Видимо, у Железного Капрала была традиция – начинать разговор из-за спины собеседника.

– Как вы себя ощущаете в новом звании и… вообще?

Старик появился из-за правого плеча Рика и остановился боком к нему, повернув в его сторону седовласую голову с насмешливо прищуренным взглядом.

– Здравия желаю, господин командующий! – воскликнул Рик, втянувшись в струну. Он никогда не лебезил перед начальством, но Старик обладал какой-то неуловимой магией, излучающей подлинное величие из столь незначительного тела. А может, все дело в новых свойствах организма Рика?..

– Спасибо, и вам того же, – отозвался Старик, – Здравие – это самое главное, за что стоит бороться в этом мире.
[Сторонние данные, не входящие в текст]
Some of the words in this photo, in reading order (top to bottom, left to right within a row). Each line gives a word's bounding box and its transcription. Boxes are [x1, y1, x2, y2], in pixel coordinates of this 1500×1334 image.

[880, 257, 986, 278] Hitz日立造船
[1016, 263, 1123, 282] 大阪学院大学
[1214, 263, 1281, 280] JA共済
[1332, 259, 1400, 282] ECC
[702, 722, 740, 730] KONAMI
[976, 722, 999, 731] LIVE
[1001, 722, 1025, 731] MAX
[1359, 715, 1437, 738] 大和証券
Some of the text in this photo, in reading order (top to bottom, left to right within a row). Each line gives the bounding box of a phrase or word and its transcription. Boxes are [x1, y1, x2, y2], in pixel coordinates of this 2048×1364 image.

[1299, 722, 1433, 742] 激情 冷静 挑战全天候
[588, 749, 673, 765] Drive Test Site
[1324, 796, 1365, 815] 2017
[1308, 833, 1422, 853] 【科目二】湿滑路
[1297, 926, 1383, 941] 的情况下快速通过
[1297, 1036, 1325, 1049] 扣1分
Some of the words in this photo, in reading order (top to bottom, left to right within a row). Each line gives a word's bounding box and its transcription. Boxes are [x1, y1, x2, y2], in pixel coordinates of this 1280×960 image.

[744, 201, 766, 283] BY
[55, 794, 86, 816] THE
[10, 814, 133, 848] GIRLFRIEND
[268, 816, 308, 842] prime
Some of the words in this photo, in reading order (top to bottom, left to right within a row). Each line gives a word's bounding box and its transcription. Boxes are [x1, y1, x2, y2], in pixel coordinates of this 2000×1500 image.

По-правде, понимать это начинаешь только тогда, когда все его растратил на завоевание совсем других вещей…

Старик невесело рассмеялся.

Он несколько сдал по сравнению с прошлым разом, отметил Рик. Хотя, возможно, это только кажется. Видимо, командующий просто завален напряженной работой…

– Да, хорошо вас обработали, – произнес Железный Капрал, с удовлетворением глядя на Рика, – Вас и не узнать. Хотя какие-то черты все же угадываются…

– Господин командующий, разрешите вопрос… – осторожно сказал Рик.

– Валяйте, – бросил Старик.

– Это… По вашему приказу… Меня… переделали?

Старик долго смотрел на Рика, словно осматривая экзотическую статую, прежде, чем пожать плечами и ответить:

– Ну, а вы как думали? Много ли у вас осталось друзей среди сослуживцев? Кому она вообще нужна – ваша жизнь? После того, что вы сотворили…

Рик похолодел. Он был уверен, что жив до сих пор только потому, что все концы были удачно сброшены в мутную воду погибшей планеты. И недоумевал по поводу подобной заботы о собственной персоне. Это внимание можно было объяснить многими причинами. Но только вне предположений о его причастности к самому грандиозному саботажу в истории Директории.

– Мальчик мой, – грустно сказал Старик, – Неужели ты думаешь, что моя машина работает настолько слепо, что не замечает перебоев в собственном механизме? Конечно, скажешь ты – что может видеть в мире этот выживший из ума капрал, старый стоптанный башмак, вообразивший себя командующим Директории…

– Я никогда не смел бы так подумать… – глухо выдавил из себя Рик.

– Верю, верю, мой мальчик, – Старик легко перешел на «ты» и от этого Рик почему-то почувствовал себя букашкой на ладони великана, – Иначе я не стал бы спасать твою шкуру, от которой уже изрядно попахивало паленым…

Сухонький седовласый человек медленно прохаживался перед ним, и в этой тщедушной фигурке Рику чудесным образом виделась поступь могучего гиганта.

– Видишь ли, меня не называли бы Железным Капралом, если бы я слушал только донесения информированных источников, или, напротив – лишь повеления собственного сердца. Поверь – у Железного Капрала тоже есть простое человеческое сердце… Но есть нечто более разумное и важное, чем просто информация и прямые выводы на ее основе. Это система. Мощная, давно уже не понятная даже мне самому, система, которая расставляет все на свои места. В системе этой все события смотрятся несколько иначе и глубже, чем, возможно, хотелось бы нам самим.

Старик прекратил свои хождения перед замершим по стойке «смирно» Риком и снова глянул ему в лицо.

– Моим генералам хотелось бы перемолоть тебя в кровавый фарш. Твоим сослуживцам – вволю избить тебя и повесить на всеобщее обозрение. Тем, кто тебя не знает, но у кого на Минерве остались близкие люди – медленно зажарить тебя в микроволновой печи. Что касается лично меня… Я даже не знаю, потому, что не имею права выражать свою личную волю. Потому что я давно уже воплощаю в себе волю Системы.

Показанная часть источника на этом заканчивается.